> **Required action**:
Each entry is to be given again precisely, and no picture may be carried over.

Dataset entries:
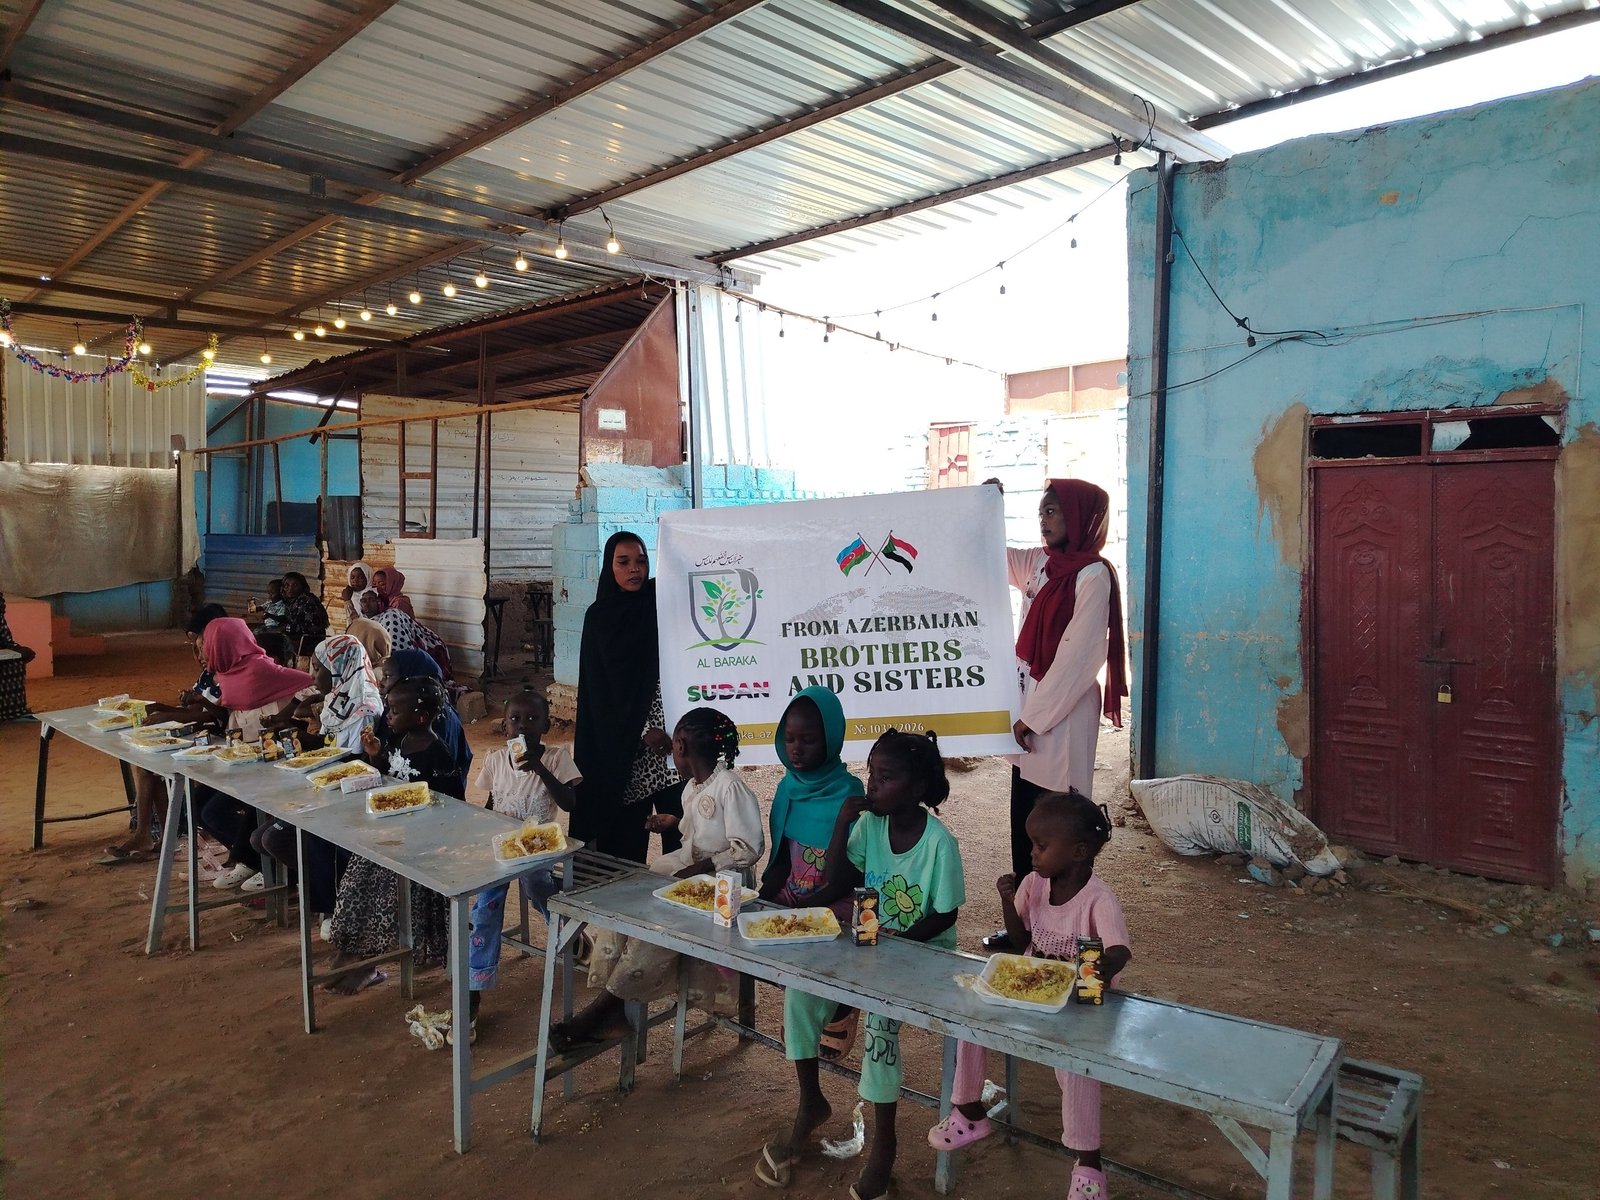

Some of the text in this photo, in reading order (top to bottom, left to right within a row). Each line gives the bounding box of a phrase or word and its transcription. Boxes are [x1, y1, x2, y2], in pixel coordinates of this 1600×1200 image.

[781, 611, 978, 638] FROM AZERBAIJAN
[697, 655, 757, 668] AL BARAKA
[800, 639, 962, 669] BROTHERS
[687, 681, 770, 702] SUDAN
[788, 665, 985, 696] AND SISTERS
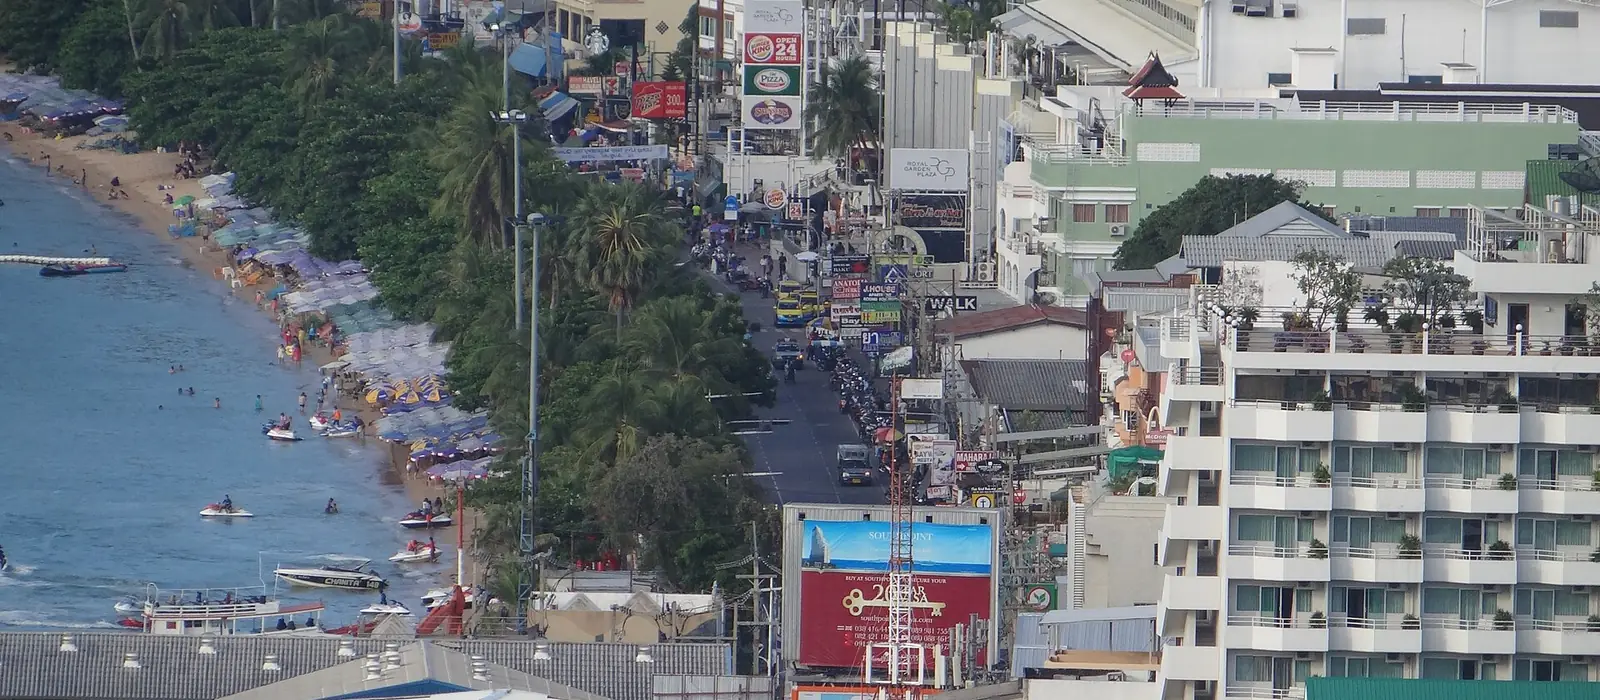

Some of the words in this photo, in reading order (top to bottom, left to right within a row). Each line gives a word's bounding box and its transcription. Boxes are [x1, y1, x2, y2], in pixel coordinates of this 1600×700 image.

[751, 45, 770, 54] KING
[775, 44, 797, 56] 24
[761, 75, 784, 83] PIZZA
[841, 317, 860, 325] Bay
[324, 577, 360, 587] CHANITA

> **Exercise result**:
Some of the text in this photo, in reading order (top to bottom, left to right within a row). Each line gives the bounding box of a phrase or word and its transcription. Boxes are [x1, y1, x2, y2], in pixel coordinates of this 1600×1200 image.

[781, 611, 978, 638] FROM AZERBAIJAN
[697, 655, 757, 668] AL BARAKA
[800, 639, 962, 669] BROTHERS
[687, 681, 770, 702] SUDAN
[788, 665, 985, 696] AND SISTERS

Some of the words in this photo, in reading order (top to bottom, left to right within a row). Each line gives a word's bounding box and its transcription. Boxes are [x1, y1, x2, y2], in pixel coordinates of this 1600×700 image.

[751, 45, 770, 54] KING
[775, 44, 797, 56] 24
[761, 75, 784, 83] PIZZA
[841, 317, 860, 325] Bay
[324, 577, 360, 587] CHANITA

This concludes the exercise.